*** Material for this exercise ***

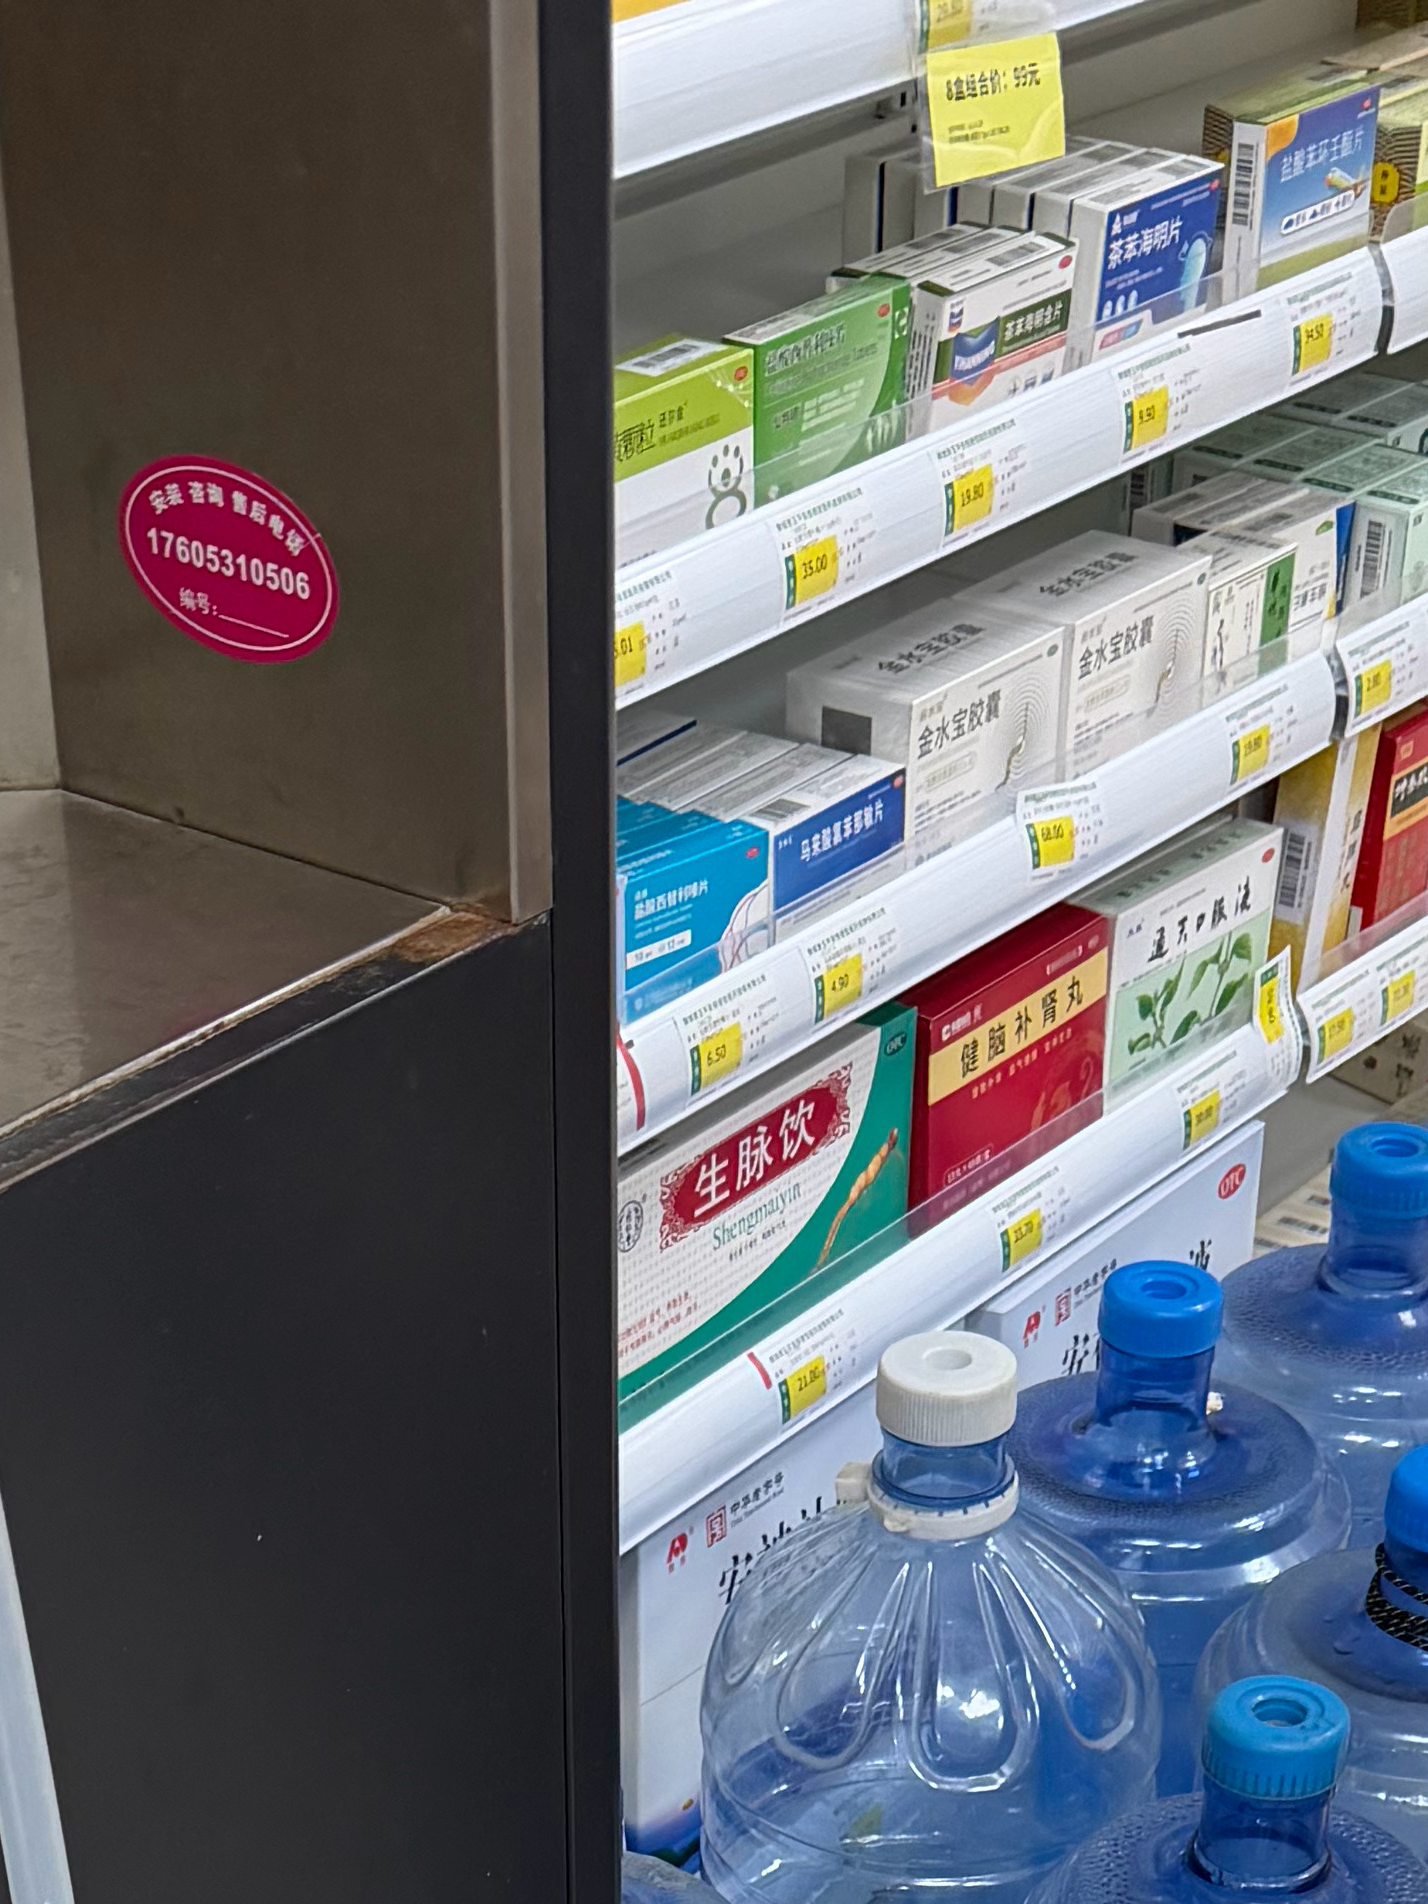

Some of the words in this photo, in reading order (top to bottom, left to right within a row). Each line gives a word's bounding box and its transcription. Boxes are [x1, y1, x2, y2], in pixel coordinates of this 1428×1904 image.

[1107, 214, 1184, 271] 茶苯海明片
[148, 482, 184, 515] 安装
[187, 480, 225, 508] 咨询
[147, 527, 311, 600] 17605310506
[1077, 615, 1155, 681] 金水宝胶囊
[917, 689, 1002, 760] 金水宝胶囊
[800, 798, 885, 863] 马来酸氯苯那敏片
[1147, 875, 1252, 963] 通天口服液
[830, 974, 850, 994] 4.90
[706, 1044, 727, 1066] 6.50
[960, 975, 1084, 1080] 健脑补肾丸
[693, 1099, 816, 1219] 生脉饮
[1219, 1165, 1246, 1198] OTC
[729, 1471, 784, 1515] 中华老字号
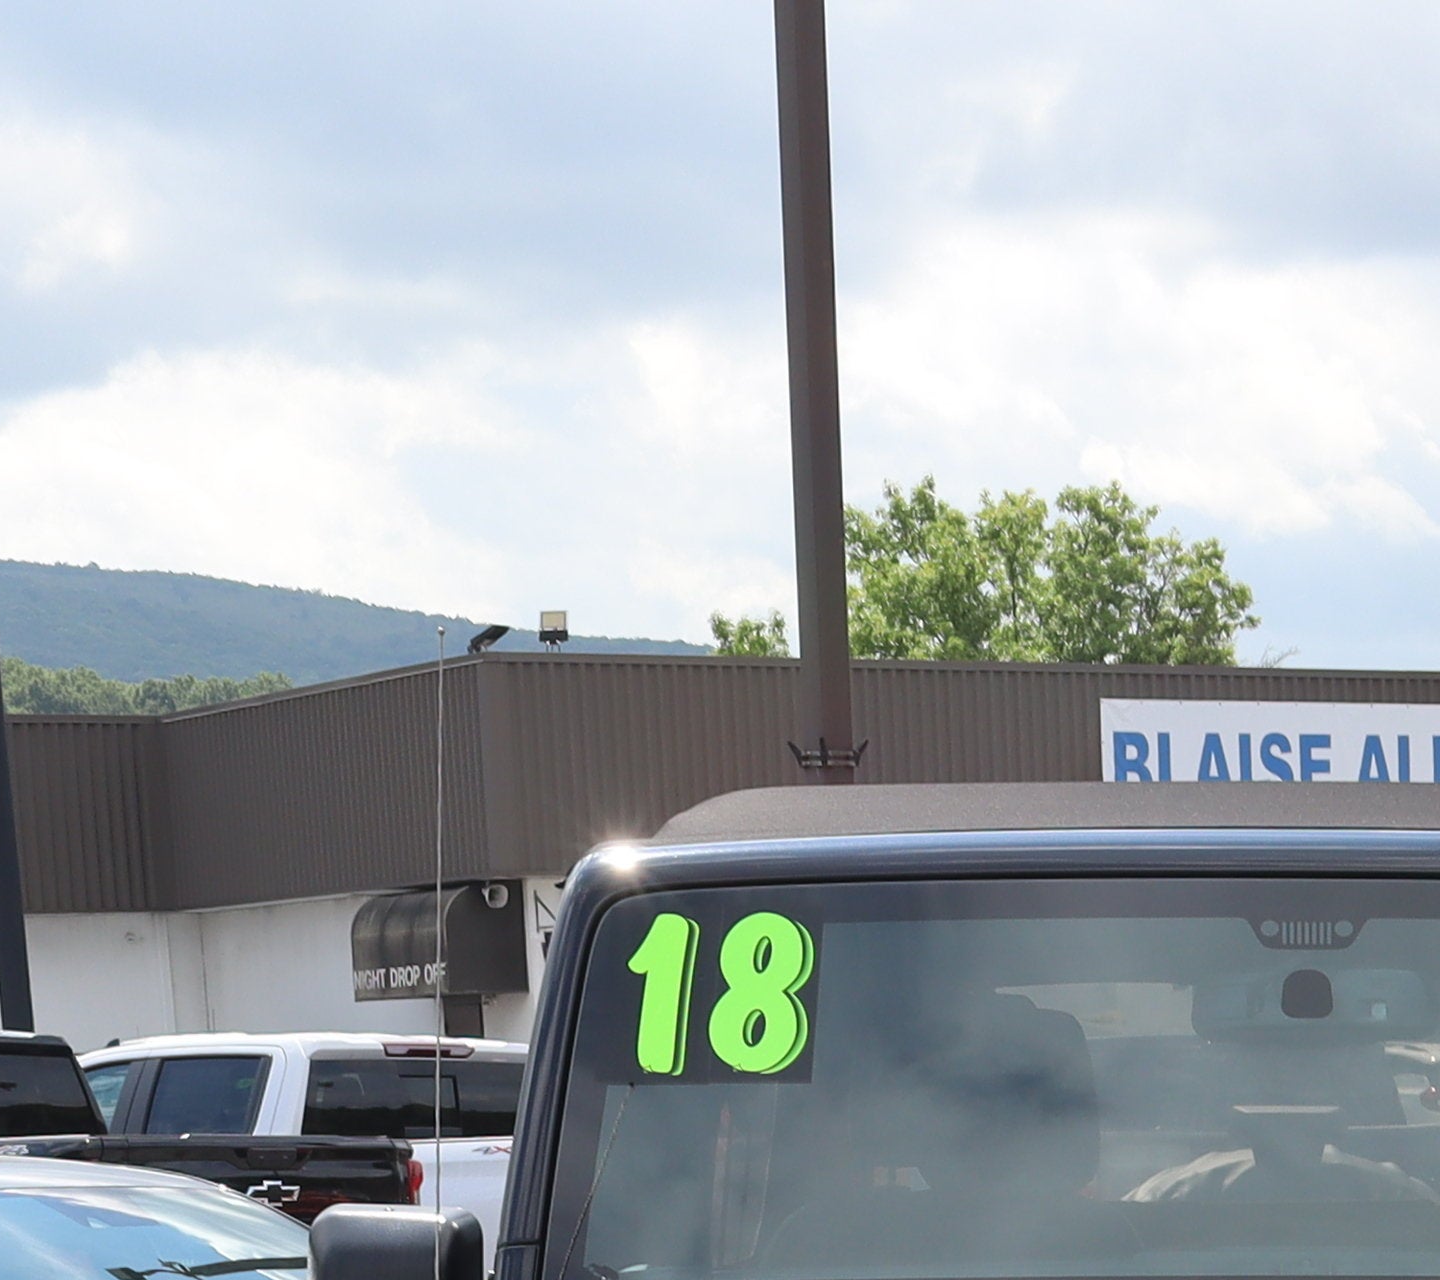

*** End of Material for this exercise ***

» **Action item**
Apart from the pictures, which are to be omitted, every record must be transcribed exactly.

» **Answer section**
Some of the words in this photo, in reading order (top to bottom, left to right within a row). Each line gives a word's bounding box and its transcription. Boxes are [x1, y1, x2, y2], in pixel coordinates of this 1428×1904 image.

[1107, 214, 1184, 271] 茶苯海明片
[148, 482, 184, 515] 安装
[187, 480, 225, 508] 咨询
[147, 527, 311, 600] 17605310506
[1077, 615, 1155, 681] 金水宝胶囊
[917, 689, 1002, 760] 金水宝胶囊
[800, 798, 885, 863] 马来酸氯苯那敏片
[1147, 875, 1252, 963] 通天口服液
[830, 974, 850, 994] 4.90
[706, 1044, 727, 1066] 6.50
[960, 975, 1084, 1080] 健脑补肾丸
[693, 1099, 816, 1219] 生脉饮
[1219, 1165, 1246, 1198] OTC
[729, 1471, 784, 1515] 中华老字号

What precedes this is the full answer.